Morawska Agata, Frankowski Rafał, Grabarczyk Mikołaj, Kosmalski Marcin, Różycka-Kosmalska Monika
Students' Research Club, Department of Clinical Pharmacology, Medical University of Lodz, 90-153 Lodz, Poland.
Department of Clinical Pharmacology, Medical University of Lodz, 90-153 Lodz, Poland.
Life (Basel). 2025 Nov 5;15(11):1713. doi: 10.3390/life15111713.

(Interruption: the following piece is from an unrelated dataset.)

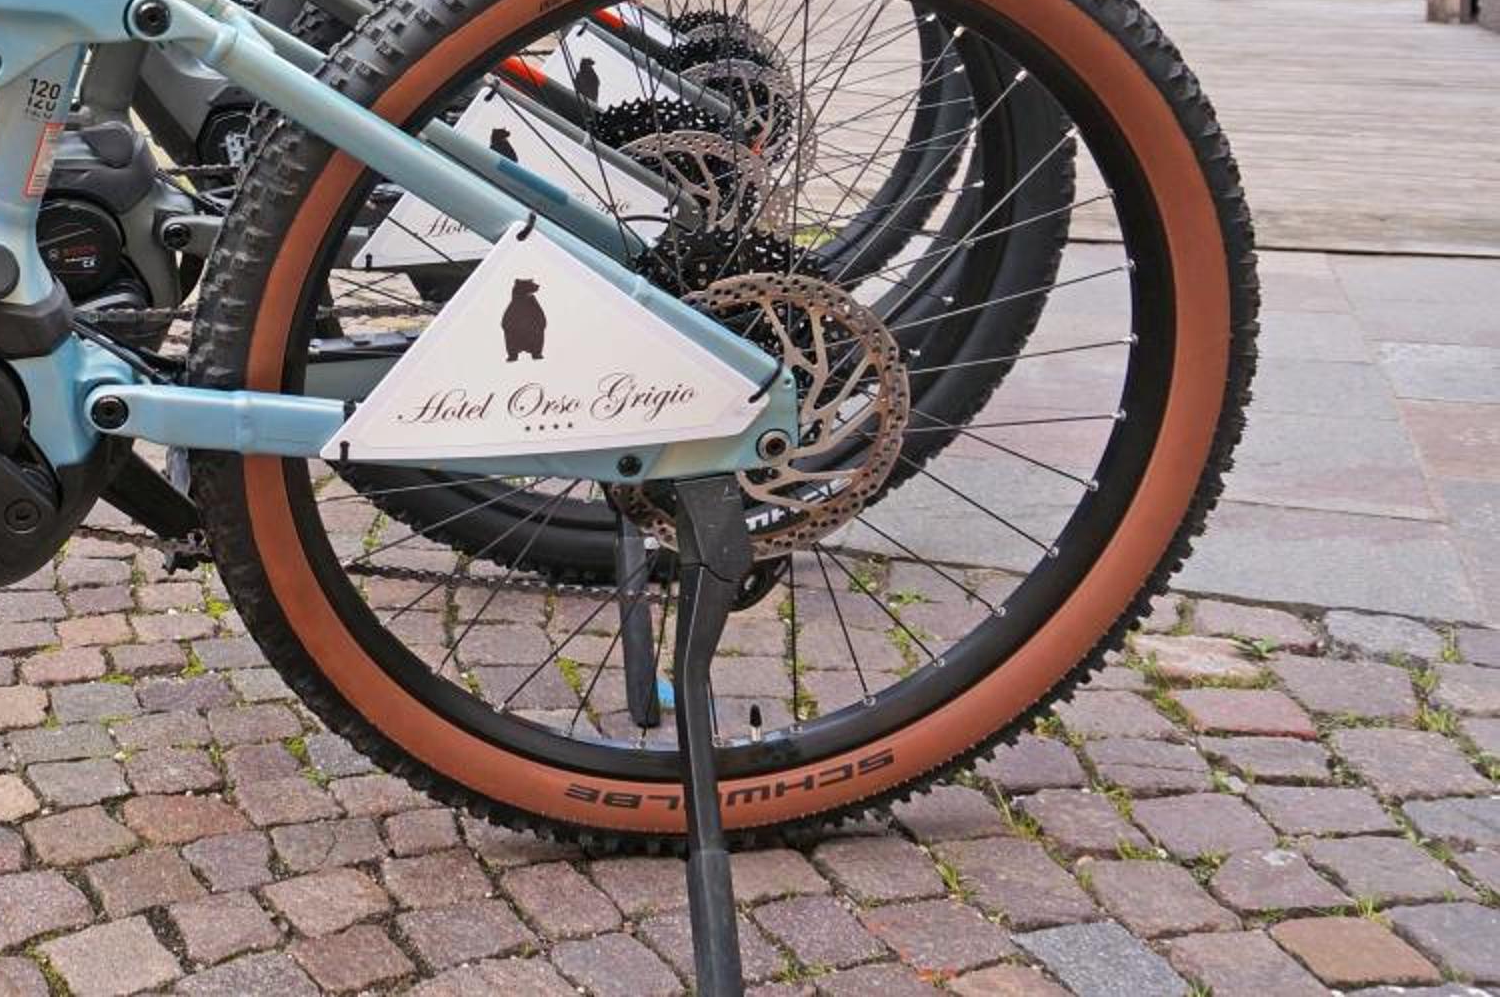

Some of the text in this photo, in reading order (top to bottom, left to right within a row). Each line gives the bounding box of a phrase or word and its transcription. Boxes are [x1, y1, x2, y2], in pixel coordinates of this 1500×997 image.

[29, 77, 61, 100] 120
[398, 372, 695, 424] Hotel Orso Grigio
[563, 748, 895, 811] SCHWLBE

Metabolic dysfunction-associated steatotic liver disease (MASLD) and atrial fibrillation (AF) are two highly prevalent conditions that share overlapping cardiometabolic risk factors, including obesity, type 2 diabetes, hypertension, and dyslipidemia. Growing evidence suggests that these two disease entities are pathophysiologically linked through systemic inflammation, oxidative stress, and structural remodeling. Population-based studies and meta-analyses report an association between steatotic liver disease and both incident and recurrent AF. While several analyses observe persistence of this association after adjustment for cardiometabolic risk factors, residual confounding and limitations of observational designs preclude firm causal inference. Conversely, heart rhythm disturbances may exacerbate hepatic fibrosis and dysfunction. Lifestyle interventions-particularly sustained weight loss-have demonstrated significant benefits in both conditions. Emerging pharmacological options, including incretin mimetics, flozins, statins, and thiazolidinediones, show promise in addressing the liver-heart axis, while appropriate anticoagulation remains essential in AF management. This review summarizes current epidemiological data, mechanistic insights, diagnostic approaches, and therapeutic strategies related to the coexistence of MASLD and AF. Emphasis is placed on shared pathogenic pathways, non-invasive diagnostic tools, and integrated management options.